= Georg Lous Jr. =

Norwegian barrister

Georg Lous (19 May 1916 – 23 July 1996) was a Norwegian barrister.

He was a son of barrister Georg Fredrik Hallager Lous, nephew of astronomer Kristian Lous and grandson of Attorney General Karl Lous.

He graduated with the cand.jur. degree in 1940, and was a deputy judge before becoming a junior solicitor in his grandfather's law firm Lous og Bergh. He became a partner in 1949, and from 1953 he was a barrister with access to Supreme Court cases. The company changed its name to Høyesterettsadvokatene Georg Lous og Chr.B. Platou and later Lous, Hagemann, Arff-Pettersen & Løken. In 1992 the structure and name was changed again, to Dalan, Sigmond, Hagemann & Lous. Georg Lous retired in the mid-1990s.

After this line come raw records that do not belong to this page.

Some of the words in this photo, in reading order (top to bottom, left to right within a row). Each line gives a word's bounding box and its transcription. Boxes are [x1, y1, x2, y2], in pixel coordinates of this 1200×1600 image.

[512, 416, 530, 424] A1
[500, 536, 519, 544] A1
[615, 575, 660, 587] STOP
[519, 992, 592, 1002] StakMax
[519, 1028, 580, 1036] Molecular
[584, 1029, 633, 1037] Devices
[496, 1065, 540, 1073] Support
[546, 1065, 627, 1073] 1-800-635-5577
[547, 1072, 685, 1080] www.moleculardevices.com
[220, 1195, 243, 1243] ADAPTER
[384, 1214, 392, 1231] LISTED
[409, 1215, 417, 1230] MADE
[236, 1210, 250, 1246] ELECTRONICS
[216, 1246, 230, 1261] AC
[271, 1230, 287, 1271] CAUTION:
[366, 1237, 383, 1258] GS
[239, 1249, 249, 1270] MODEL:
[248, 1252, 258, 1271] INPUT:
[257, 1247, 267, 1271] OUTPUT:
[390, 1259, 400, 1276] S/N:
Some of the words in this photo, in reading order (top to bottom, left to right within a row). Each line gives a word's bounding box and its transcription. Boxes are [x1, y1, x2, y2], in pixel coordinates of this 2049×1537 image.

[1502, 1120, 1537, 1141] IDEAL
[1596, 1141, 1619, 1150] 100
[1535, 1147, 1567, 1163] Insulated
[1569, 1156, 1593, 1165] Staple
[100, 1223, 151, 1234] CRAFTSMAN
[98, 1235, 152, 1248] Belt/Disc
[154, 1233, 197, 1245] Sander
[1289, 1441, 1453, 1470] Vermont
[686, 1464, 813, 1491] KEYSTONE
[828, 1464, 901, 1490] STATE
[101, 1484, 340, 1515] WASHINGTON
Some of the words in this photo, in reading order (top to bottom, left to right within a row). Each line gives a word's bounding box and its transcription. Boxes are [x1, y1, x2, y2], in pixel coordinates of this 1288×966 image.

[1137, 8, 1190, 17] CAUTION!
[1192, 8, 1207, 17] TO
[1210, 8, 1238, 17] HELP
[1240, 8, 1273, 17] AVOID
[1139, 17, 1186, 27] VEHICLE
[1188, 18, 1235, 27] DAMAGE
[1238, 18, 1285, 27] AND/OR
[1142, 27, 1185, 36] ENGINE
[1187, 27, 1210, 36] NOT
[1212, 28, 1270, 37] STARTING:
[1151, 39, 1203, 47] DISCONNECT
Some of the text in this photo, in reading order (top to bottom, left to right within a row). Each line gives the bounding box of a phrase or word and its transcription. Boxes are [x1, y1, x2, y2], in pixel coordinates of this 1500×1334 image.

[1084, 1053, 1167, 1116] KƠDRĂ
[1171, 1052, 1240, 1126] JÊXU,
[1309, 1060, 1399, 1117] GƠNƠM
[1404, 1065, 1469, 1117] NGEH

He was a board member from 1966 and chaired the Norwegian Museum of Cultural History from 1975 to 1989. He also chaired industrial companies such as Falconbridge Nikkelverk, and was a supervisory council member of Forsikringsselskapet Norden. In 1986 he released the novel Korsika! Korsika! Korsika! under the pseudonym Agro Detaccio. He died in July 1996 and was buried at Vår Frelsers gravlund.